═══ Data

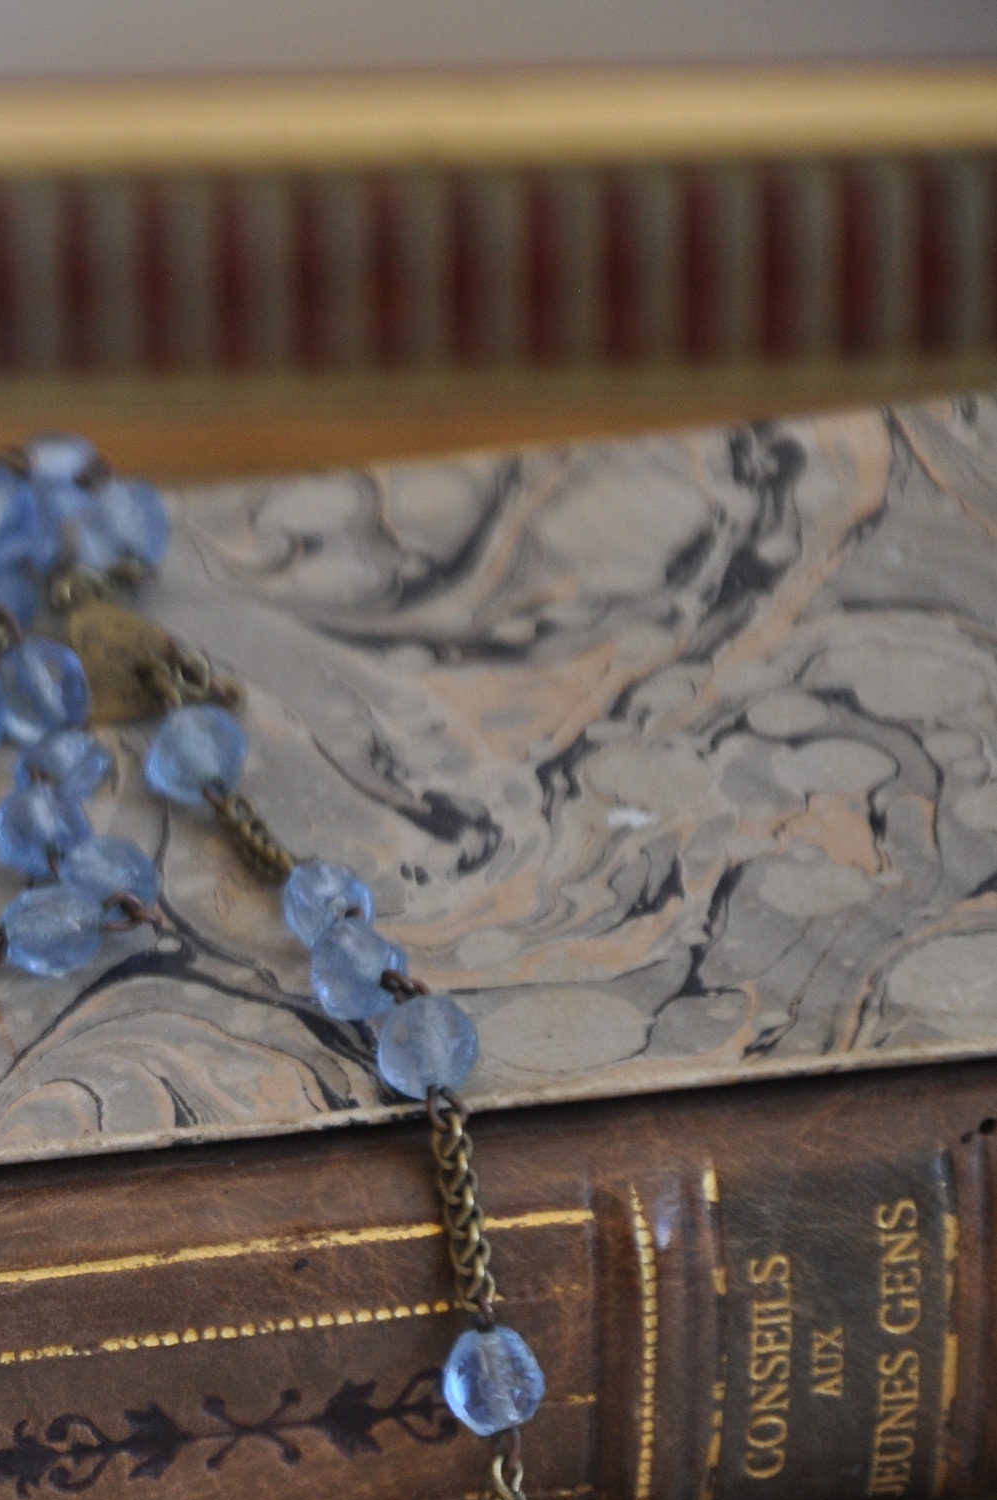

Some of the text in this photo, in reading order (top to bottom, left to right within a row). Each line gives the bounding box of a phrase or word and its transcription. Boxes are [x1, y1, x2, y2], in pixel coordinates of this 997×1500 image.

[745, 1253, 792, 1480] CONSEILS
[810, 1325, 845, 1398] AUX
[867, 1198, 923, 1498] JEUNES GENS
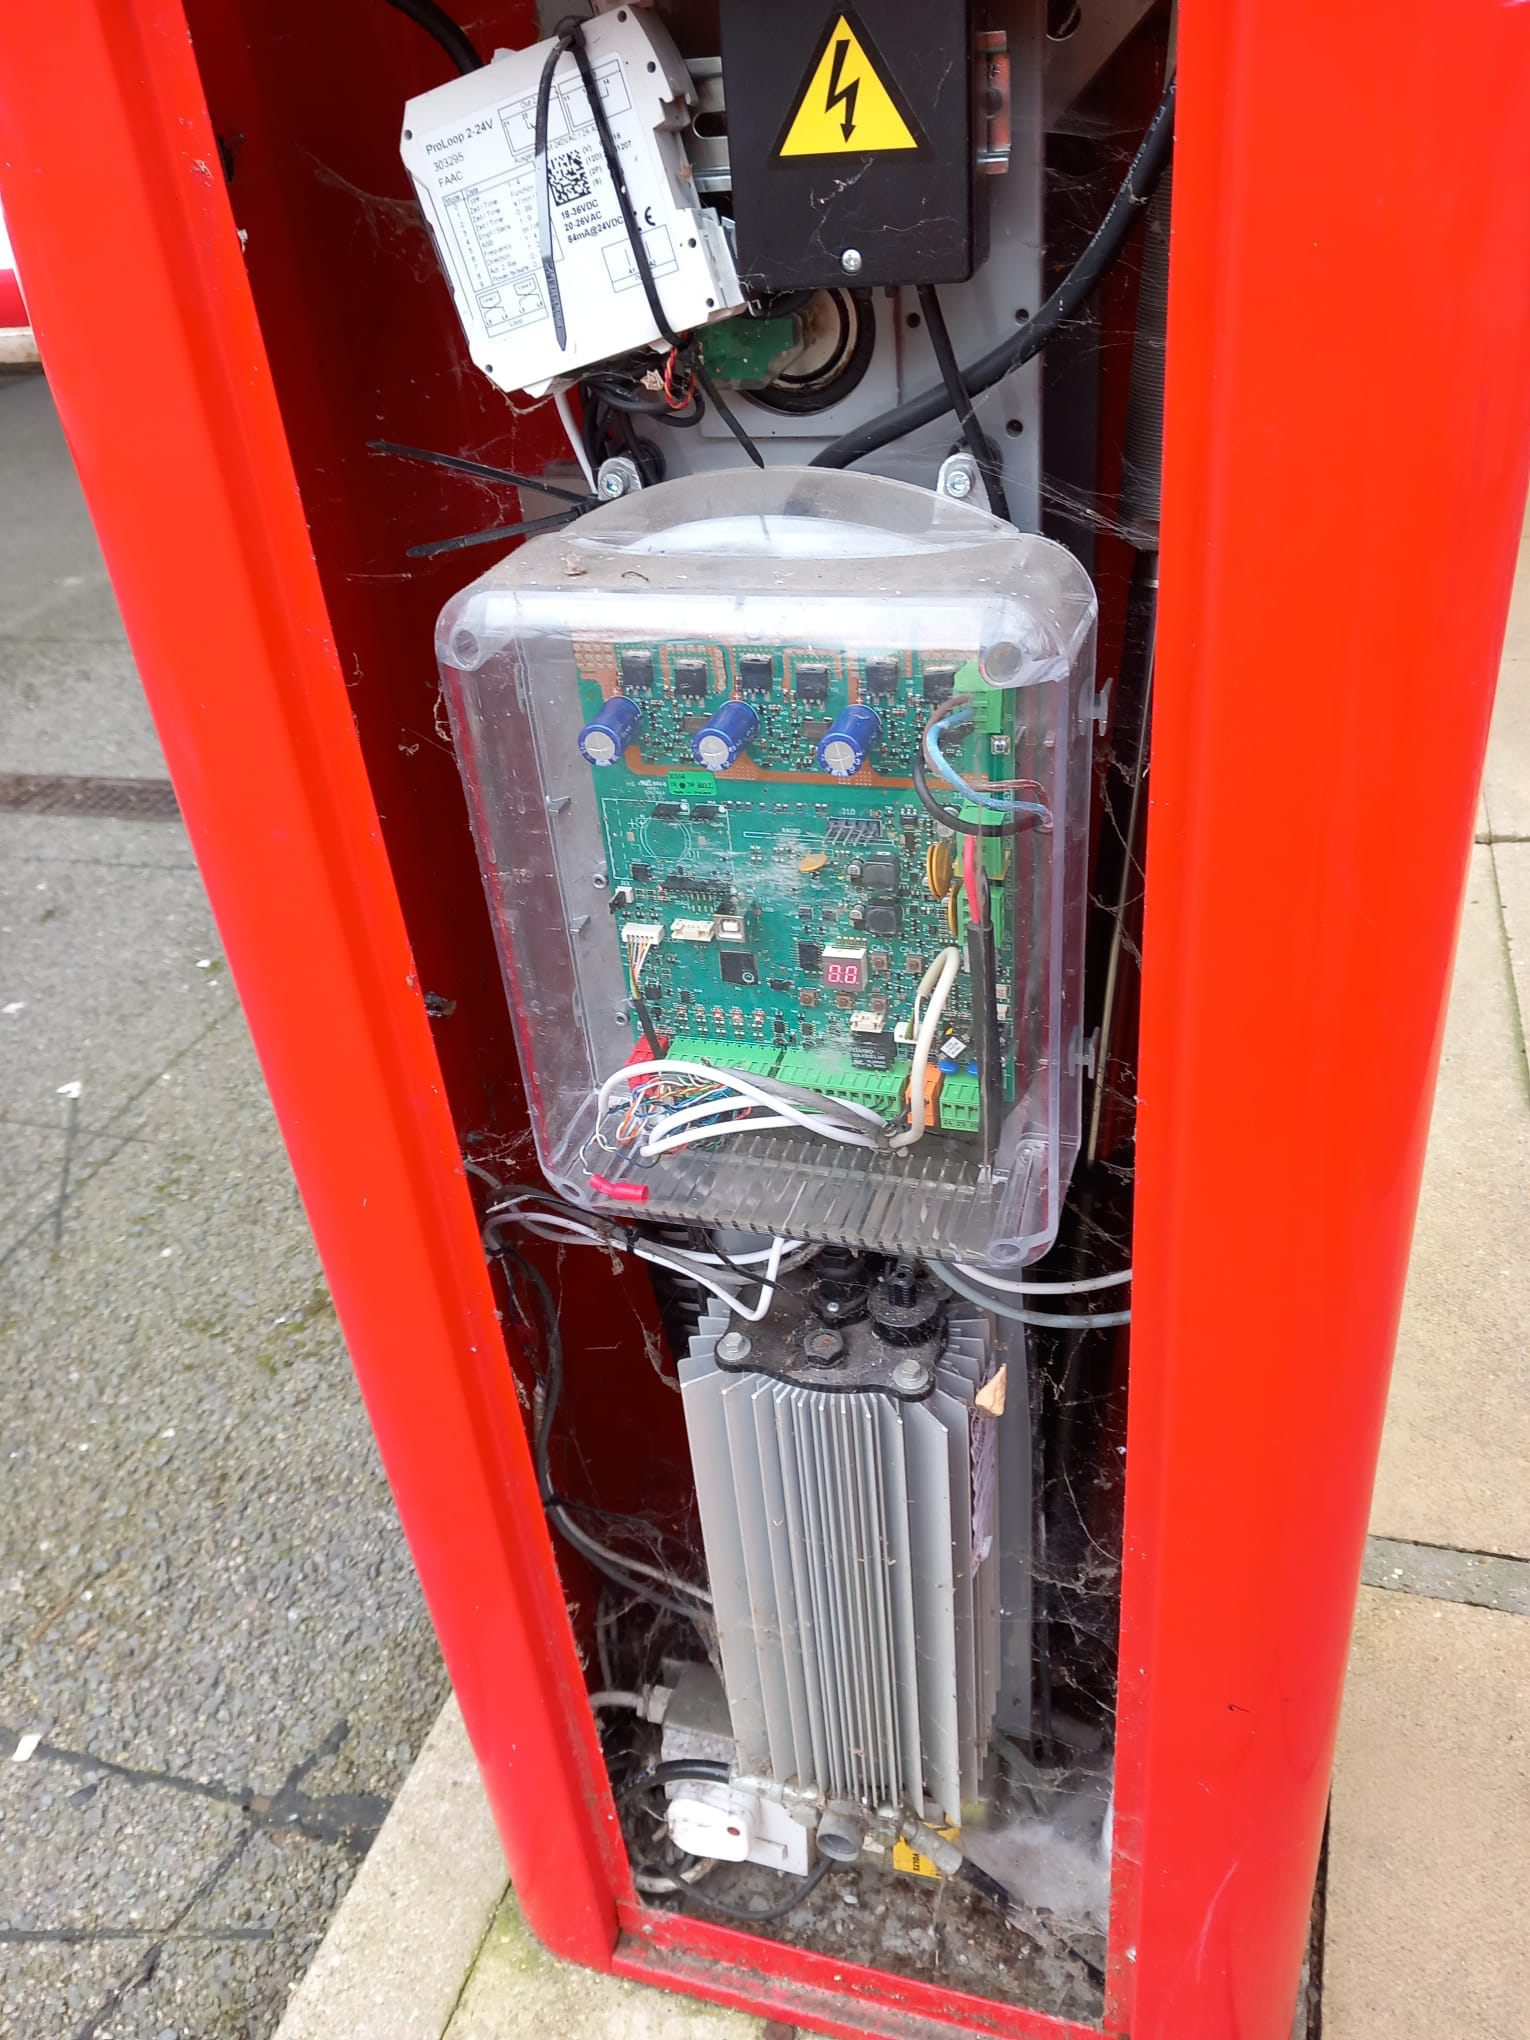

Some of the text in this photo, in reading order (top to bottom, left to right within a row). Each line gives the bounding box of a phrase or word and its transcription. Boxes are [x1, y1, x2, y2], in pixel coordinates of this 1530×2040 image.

[425, 118, 492, 155] ProLoop 2-24V
[433, 151, 464, 172] 303295
[438, 170, 463, 187] FAAC
[1090, 204, 1117, 247] KWANG
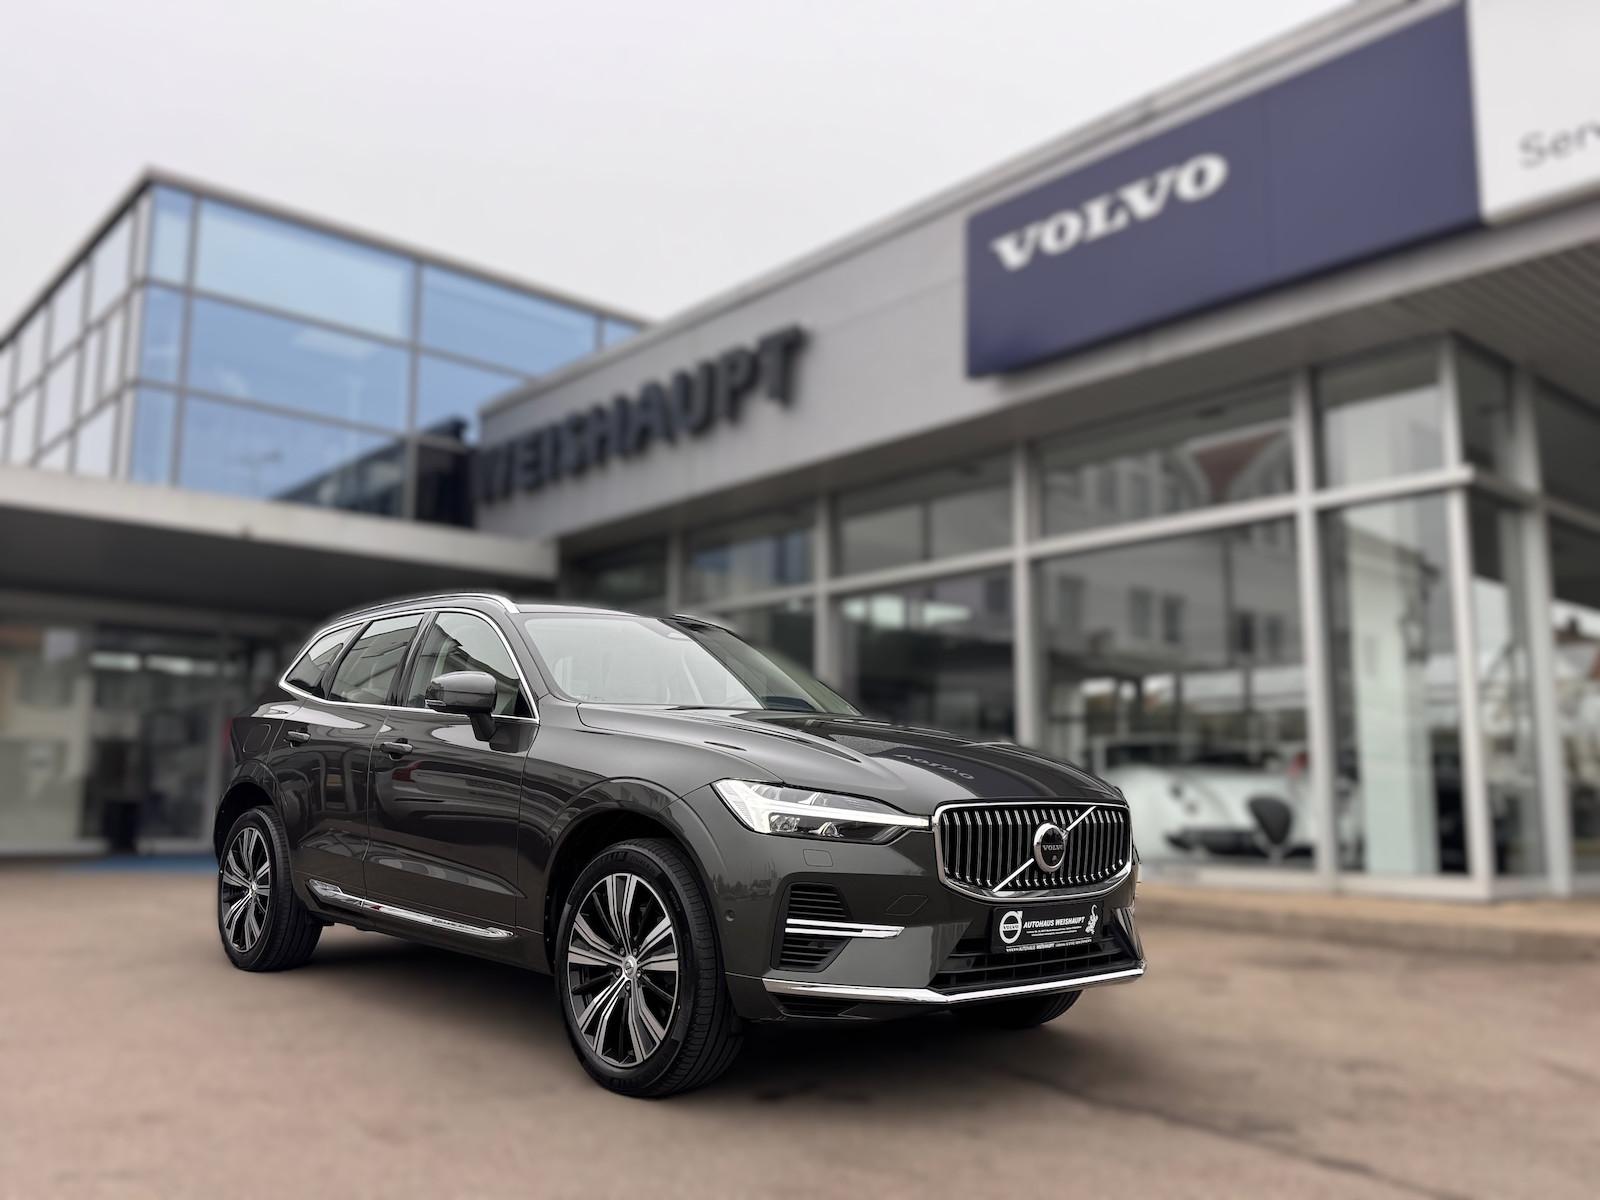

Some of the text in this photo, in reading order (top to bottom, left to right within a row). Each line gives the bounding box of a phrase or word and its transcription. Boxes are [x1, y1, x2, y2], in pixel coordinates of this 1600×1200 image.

══════

Instructions for the task: Transcribe the whole of the data exactly, minus any pictures.

Solution for this task:
Some of the text in this photo, in reading order (top to bottom, left to right within a row). Each line gives the bounding box of a phrase or word and its transcription. Boxes are [x1, y1, x2, y2], in pixel coordinates of this 997×1500 image.

[745, 1253, 792, 1480] CONSEILS
[810, 1325, 845, 1398] AUX
[867, 1198, 923, 1498] JEUNES GENS

Some of the text in this photo, in reading order (top to bottom, left to right within a row). Each line gives the bounding box of a phrase or word and its transcription. Boxes are [x1, y1, x2, y2], in pixel coordinates of this 1530×2040 image.

[425, 118, 492, 155] ProLoop 2-24V
[433, 151, 464, 172] 303295
[438, 170, 463, 187] FAAC
[1090, 204, 1117, 247] KWANG

Some of the text in this photo, in reading order (top to bottom, left to right within a row). Each line gives the bounding box of a phrase or word and its transcription. Boxes are [x1, y1, x2, y2], in pixel coordinates of this 1600×1200 image.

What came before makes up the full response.